NGO Amnesty International has obtained footage purportedly showing Nigerian soldiers beheading suspected members of terror group Boko Haram and dumping their bodies in a mass grave.

The video, which could not be independently verified, comes along with an Amnesty report suggesting the Nigerian army might be committing war crimes.

"The footage, obtained from numerous sources during a recent trip to Borno state, reveals graphic evidence of multiple war crimes being carried out in Nigeria," Amnesty said.

"It includes horrific images of detainees having their throats slit one by one and dumped in mass graves by men who appear to be members of the Nigerian military and the "Civilian Joint Task Force" [CJTF], state-sponsored militias."

Amnesty said the beheadings occurred shortly after Boko Haram attacked a detention centre in Giwa Barracks, in the northeastern city of Maiduguri, on 14 March.

Salil Shetty, Amnesty's secretary general, said the video is further proof of the atrocities committed by both Boko Haram and government troops in the north-eastern part of the country.

"What does it say about a country when members of its military carry out such unspeakable acts and then deliberately capture the images on film?" he said. "These are not the images we expect from a country which sees itself as having a leadership role in Africa.
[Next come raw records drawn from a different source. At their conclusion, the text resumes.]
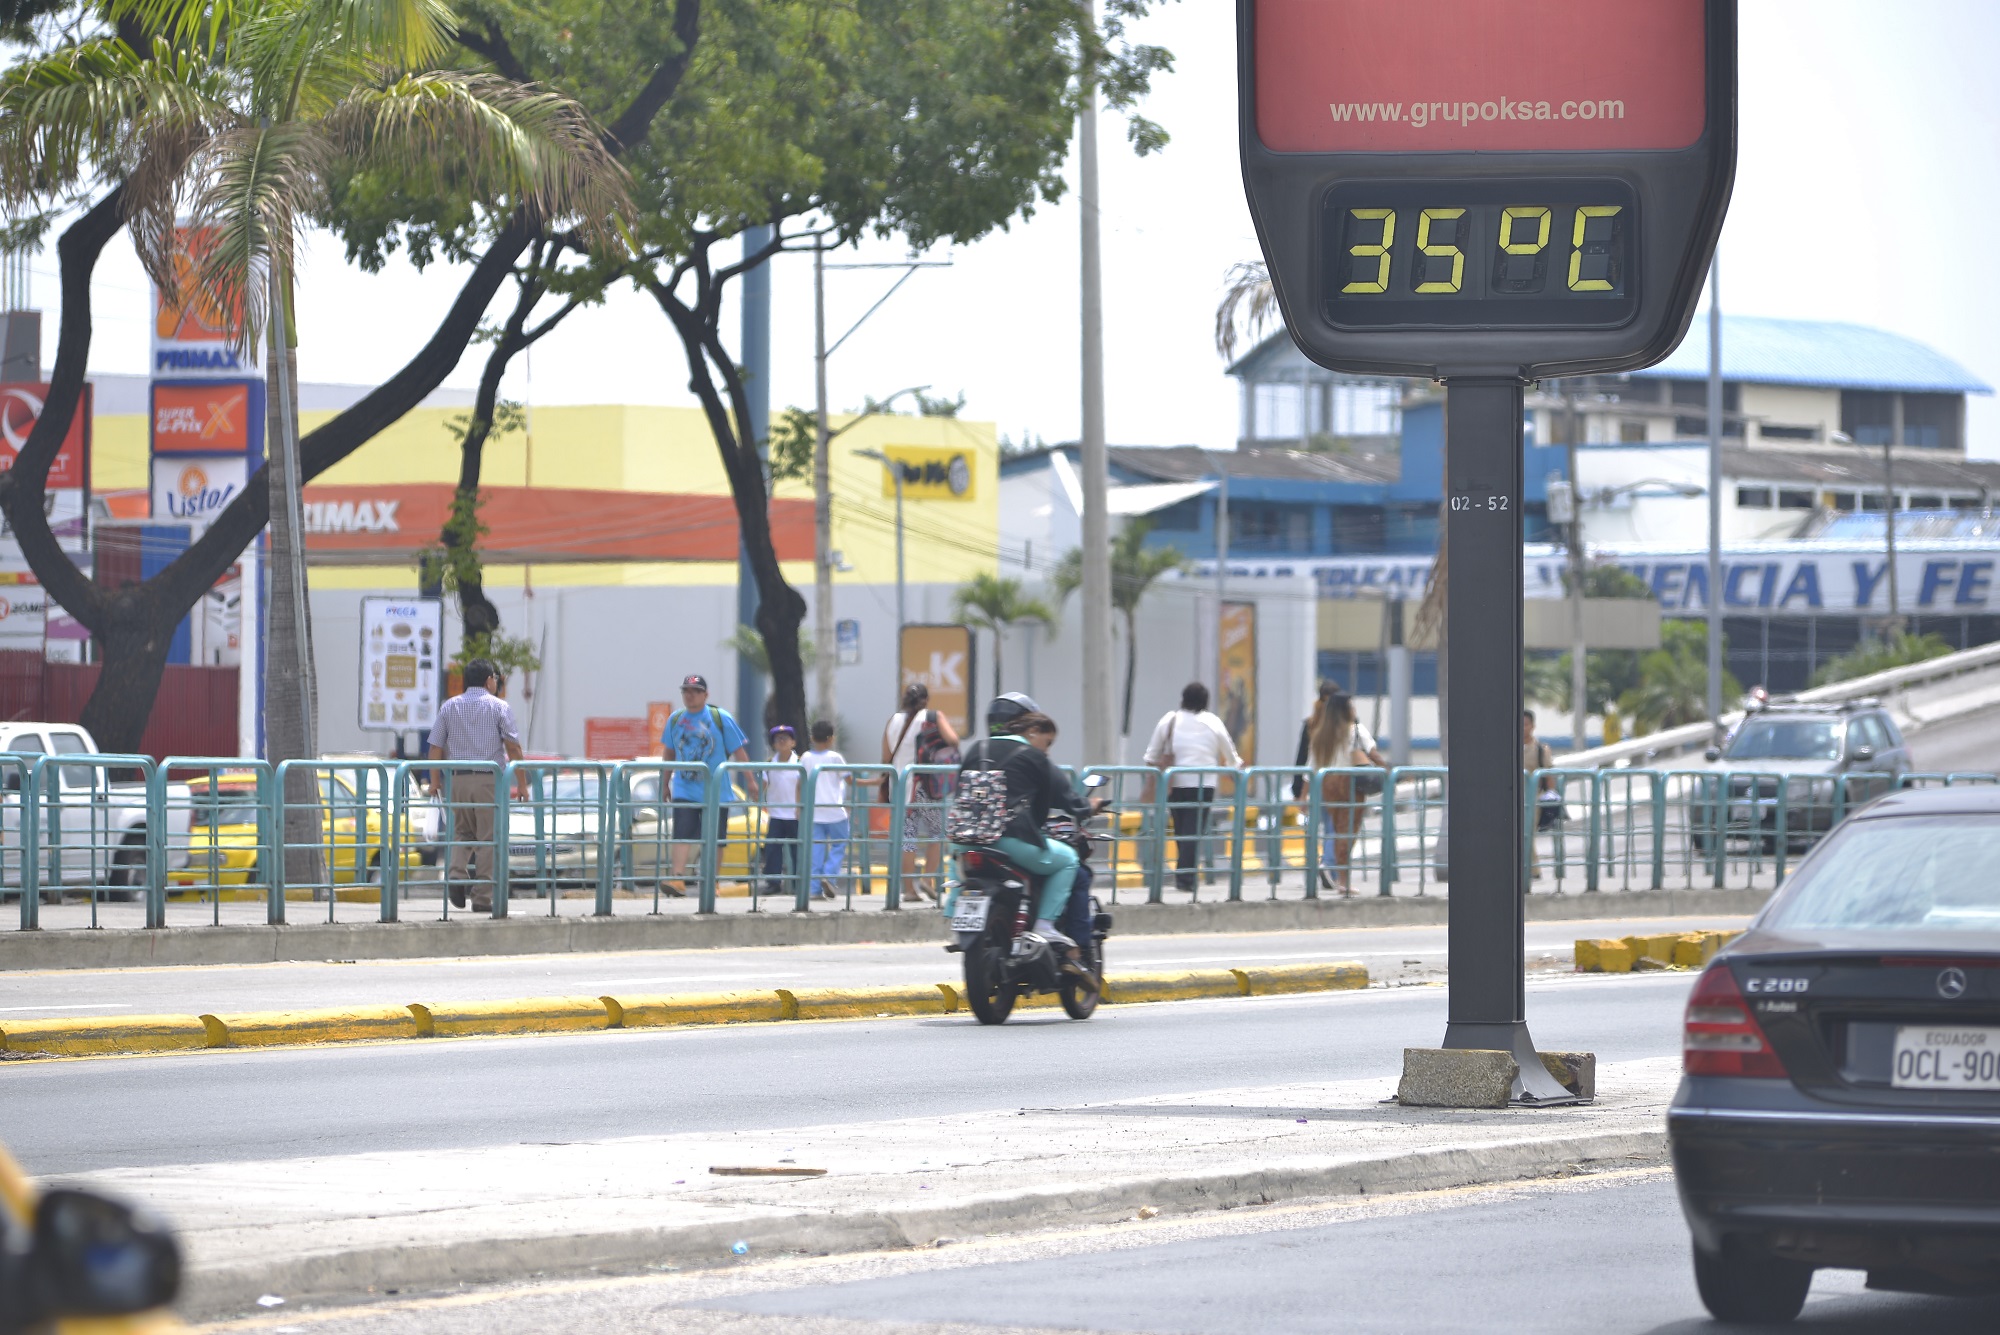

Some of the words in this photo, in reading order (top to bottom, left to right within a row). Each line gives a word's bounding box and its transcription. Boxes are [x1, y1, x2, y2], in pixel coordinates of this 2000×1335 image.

[1329, 96, 1625, 127] www.grupoksa.com
[157, 407, 195, 419] SUPER
[167, 483, 235, 518] Listo!
[303, 499, 400, 533] IMAX
[1851, 560, 1890, 606] Y
[1917, 558, 1994, 605] FE
[1925, 1032, 1987, 1046] ECUADOR
[1897, 1049, 2000, 1081] OCL-90
"The ghastly images are made worse by the numerous testimonies we have gathered which suggest that extrajudicial executions are, in fact, regularly carried out by the Nigerian military and CJTF."

President Goodluck Jonathan is struggling to contain the insurgence of Boko Haram, which opposes the westernisation of Nigeria and seeks to impose sharia law in the country.
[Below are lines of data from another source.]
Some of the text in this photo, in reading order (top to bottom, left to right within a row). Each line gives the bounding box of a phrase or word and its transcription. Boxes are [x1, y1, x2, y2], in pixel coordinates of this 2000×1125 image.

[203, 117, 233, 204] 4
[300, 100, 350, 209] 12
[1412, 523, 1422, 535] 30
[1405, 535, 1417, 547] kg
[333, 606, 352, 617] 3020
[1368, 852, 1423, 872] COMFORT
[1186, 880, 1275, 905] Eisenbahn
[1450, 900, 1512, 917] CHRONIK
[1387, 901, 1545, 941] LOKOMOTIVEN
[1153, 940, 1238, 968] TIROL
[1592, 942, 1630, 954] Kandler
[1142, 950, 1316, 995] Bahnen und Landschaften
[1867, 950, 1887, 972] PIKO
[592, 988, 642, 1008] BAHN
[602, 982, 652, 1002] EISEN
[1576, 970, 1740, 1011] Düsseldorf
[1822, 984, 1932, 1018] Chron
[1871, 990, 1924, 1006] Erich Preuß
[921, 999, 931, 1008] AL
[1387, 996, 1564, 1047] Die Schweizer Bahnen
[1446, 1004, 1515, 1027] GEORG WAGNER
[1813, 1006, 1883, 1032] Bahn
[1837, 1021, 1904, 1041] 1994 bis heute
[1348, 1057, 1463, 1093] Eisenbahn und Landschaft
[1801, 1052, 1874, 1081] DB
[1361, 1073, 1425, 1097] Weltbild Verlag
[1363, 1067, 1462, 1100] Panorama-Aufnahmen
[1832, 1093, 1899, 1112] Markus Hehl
The militants, currently led by Abubakar Shekau, carry out their attacks primarily in northern Nigeria, where three states – Borno, Yobe and Adamawa - have been under a state of emergency since May.
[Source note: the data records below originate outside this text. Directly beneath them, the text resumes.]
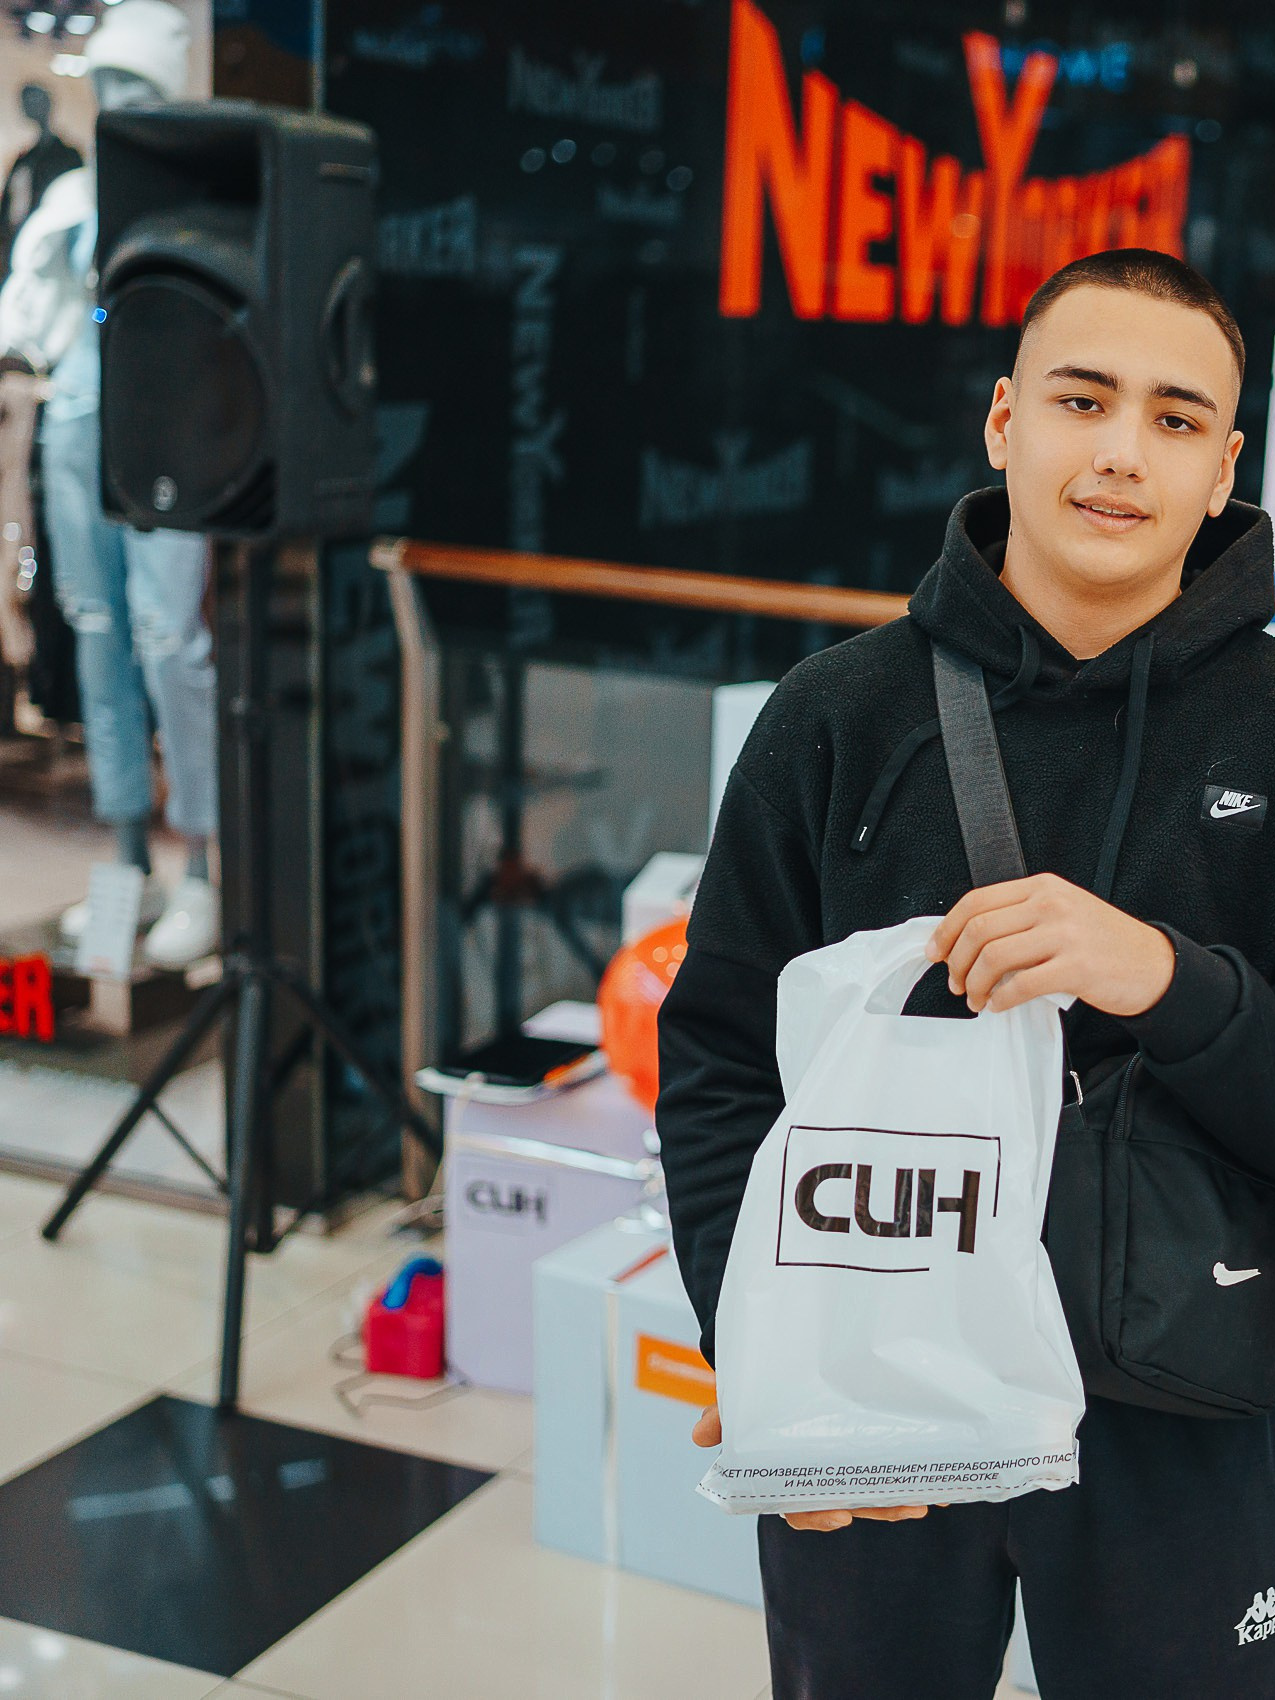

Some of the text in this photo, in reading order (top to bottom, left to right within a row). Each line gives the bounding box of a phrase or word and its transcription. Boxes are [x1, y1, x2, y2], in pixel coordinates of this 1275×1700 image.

[1219, 790, 1253, 808] NIKE
[718, 1467, 742, 1479] КЕТ
[743, 1467, 823, 1478] ПРОИЗВЕДЕН
[825, 1466, 836, 1476] С
[836, 1463, 927, 1476] ДОБАВЛЕНИЕМ
[929, 1456, 1041, 1472] ПЕРЕРАБОТАННОГО
[784, 1472, 999, 1488] И НА 100% ПОДЛЕЖИТ ПЕРЕРАБОТКЕ
Violence linked to the Boko Haram insurgency has resulted in an estimated 10,000 deaths between 2002 and 2013.

The group sparked global outcry when it abducted 220 girls in Chibok last April. The girls are still missing, amid fears they are being used by the militants as suicide bombers.

"Members of Boko Haram and other armed groups are responsible for a huge number of heinous crimes - like the abduction of the schoolgirls in Chibok... but the military are supposed to defend people, not to carry out further abuses themselves," said Shetty.

"A state of emergency must not give way to a state of lawlessness. Sadly, the same communities are now being terrorised in turn by Boko Haram and the military alike."